"Miniver loved the Medici
Albeit he had never seen one
He would have sinned incessantly
Could he have been one"
Edwin Arlington Robinson - Miniver Cheevy
Having run across Zelazny's name at various times during the past couple of decades while looking for new authors I decided to start in on his stuff with the start of the Amber series. That may have been a mistake.
Nine Princes In Amber isn't a terrible book but it suffers from the same fumbling LSD-induced grasping at novel gimmicks as much of '60s literature. There was a clear obsession with breaking down the walls of reality, and in this as in many cases it comes across as grasping at straws instead of having a grasp on new concepts. Nine Princes' original success probably stems from the same "young adult" appeal as the Elric stories: larger-than-life heroes puffing their chests through poorly-supported plots. It's the sort of half-baked storytelling which seems really amazing when your mind races faster than it can connect, when you don't notice all the gaps in reasoning and missing scenes.

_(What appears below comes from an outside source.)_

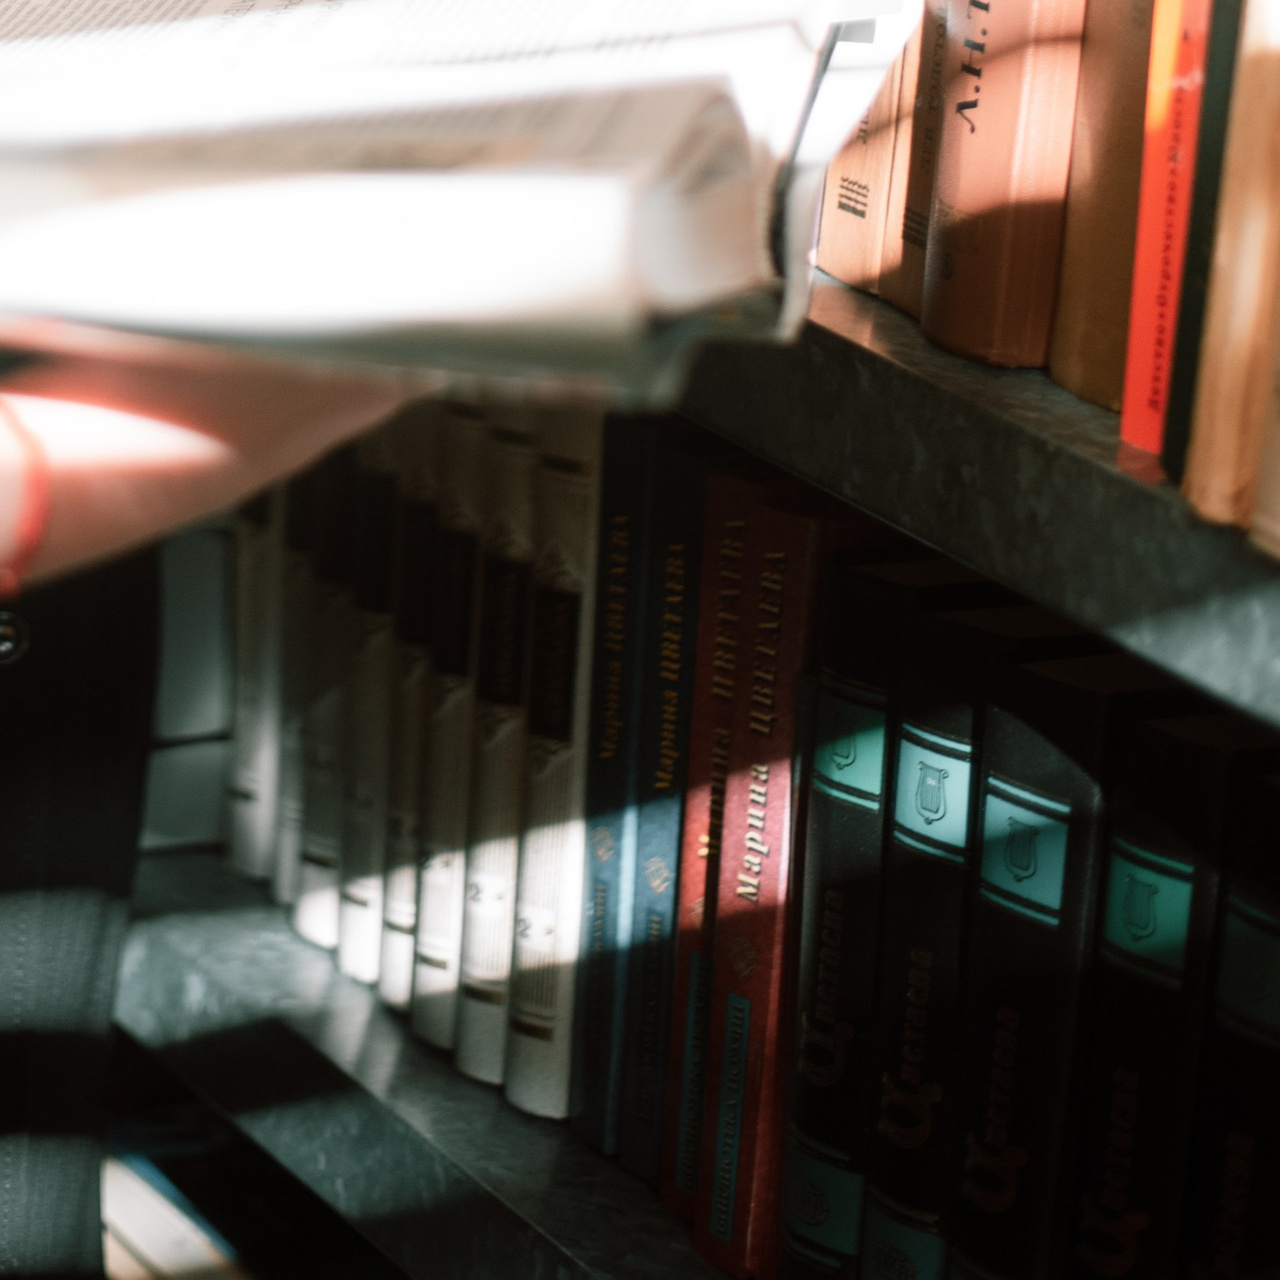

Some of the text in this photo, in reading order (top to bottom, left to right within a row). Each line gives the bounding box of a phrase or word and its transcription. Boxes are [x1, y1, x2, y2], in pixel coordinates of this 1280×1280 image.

[654, 543, 686, 791] Марина ЦВЕТАЕВА
[735, 550, 786, 904] Марина ЦВЕТАЕВА

For one thing Corwin falls short, even flat, of Elric's much more memorable persona, despite both being the same princely figure growing out of a magnificent but decadent, oppressive medieval kingdom. Where Elric suffered from a perpetual conflict of internal motivations and external forces, growing as a character with every pact and sacrifice, Corwin comes across as more of a plot device than a character. The mystery of his origin is also, from the standpoint of mystery writing, very awkwardly handled. The characters seem to be playing along with a farce rather than playing into the machinations of a brilliant manipulator, and the constant "here's how I'll fool them" internal monologue got old fast.

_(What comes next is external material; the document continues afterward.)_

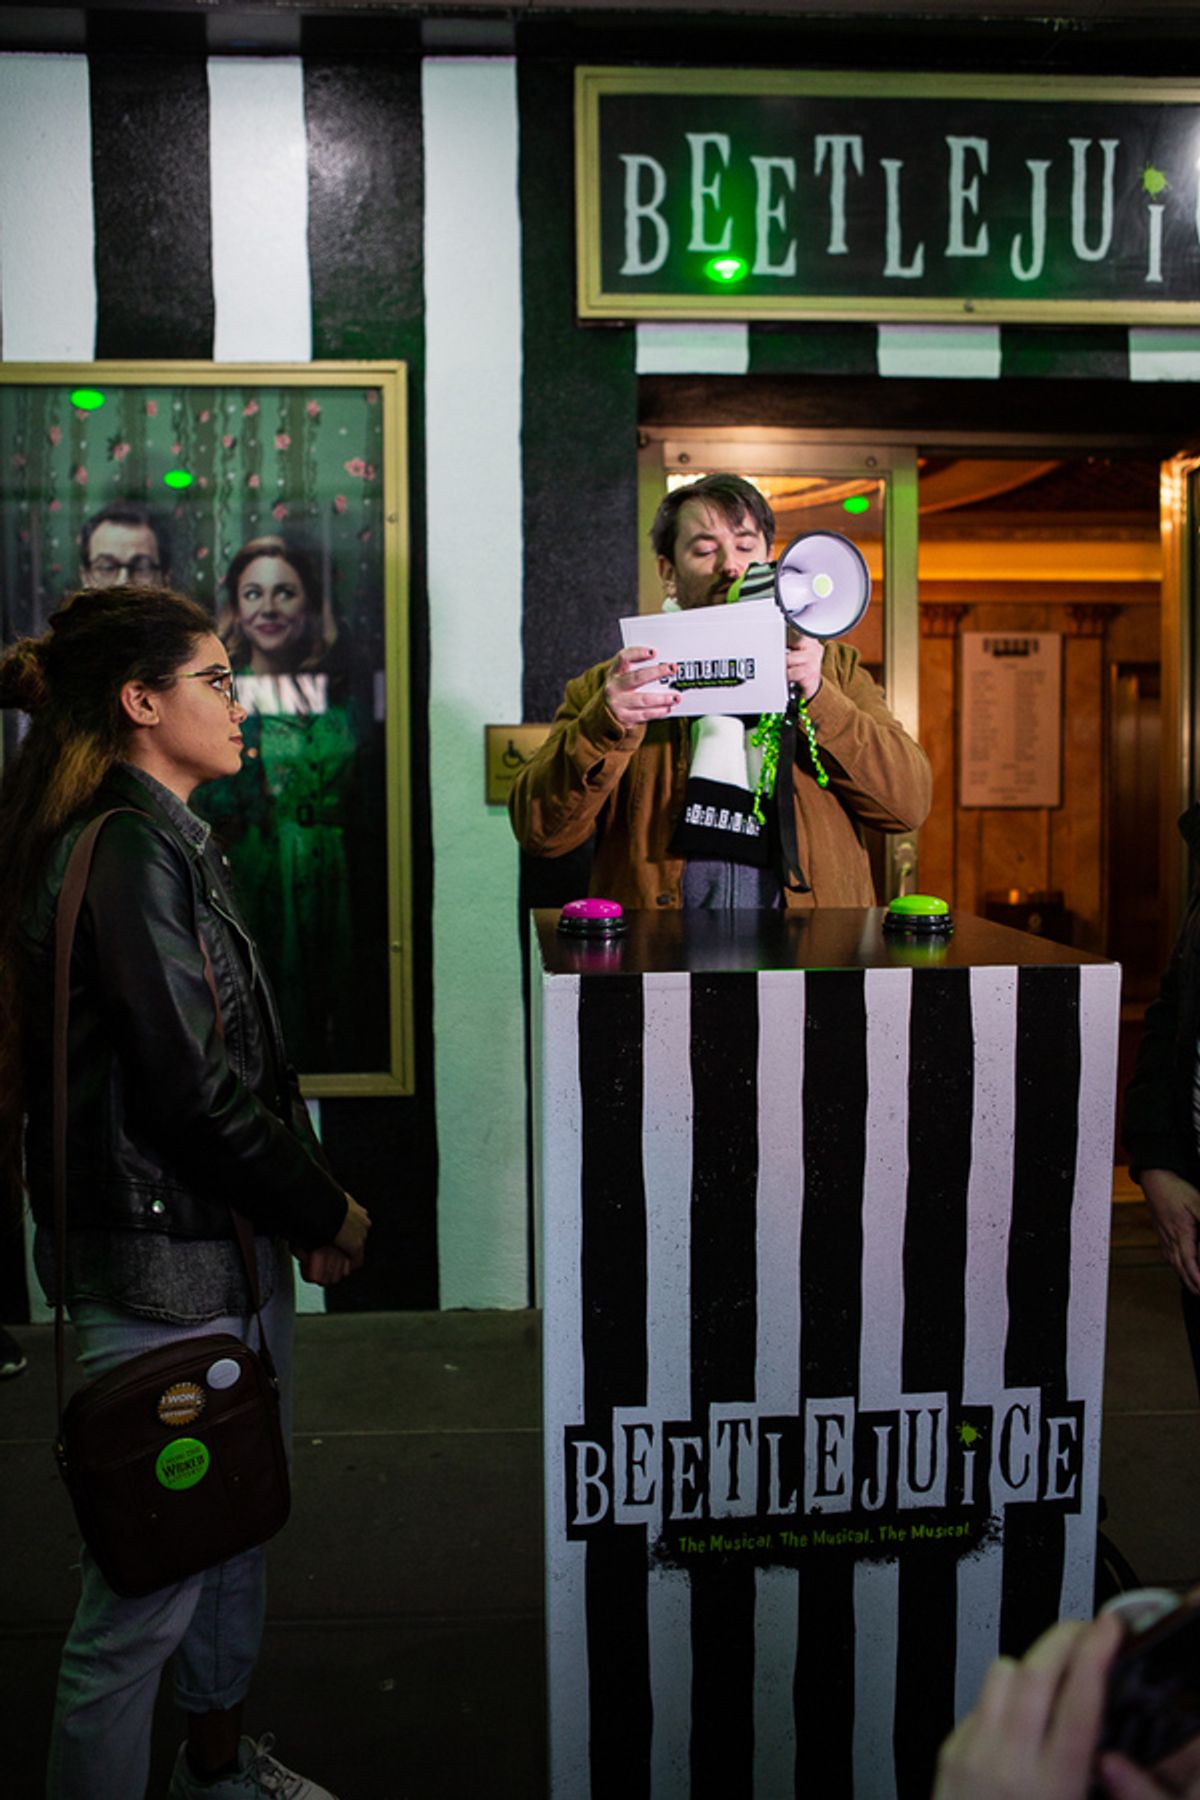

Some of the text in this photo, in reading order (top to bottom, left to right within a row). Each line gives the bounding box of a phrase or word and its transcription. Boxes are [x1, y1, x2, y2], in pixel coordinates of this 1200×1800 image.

[679, 1536, 706, 1553] The
[780, 1531, 808, 1548] The
[879, 1525, 906, 1541] The

Somehow, Zelazny managed to both race and drag through his hero's journey - which in itself should count as some sort of achievement. As a stand-alone book spiraling inward toward a climactic battle it mires you in passage after passage of unnecessary "feels" concerning royal siblings' relations; plus, natch, the one-minimum obligatory sex scene scaled down to just under R-level to titillate teens without panicking their parents. As part of a larger work, it dives breathlessly through one fantasy locale after another where the Earth chapters alone or Rebma or Arden or any other part could easily have taken up an entire non-Amber half of a novel. The various male characters merely re-iterate "he's kind of a dick but he's my brother and he looks impressive holding a phallic symbol" while the female characters... oh, sister. I don't normally find myself taking the feminist stance but these are some of the most painfully passive damsels that ever distressed. Even the queen of Rebma's most pro-active moment was spreading her legs.
This all serves as a wonderful reminder of just how not-wonderful the publishing industry has been, the massive parasitic market-manipulators who have always stood between writers and the public. I am perfectly willing to assume from the better passages of this novel that Zelazny could do better. While Nine Princes in Amber is in some ways an example of bad writing, it should not necessarily be taken as an example of a bad writer, but of one constrained by a need to instantly prove his new venture in order to secure future commissions. It's less of a book and more of an advertisement.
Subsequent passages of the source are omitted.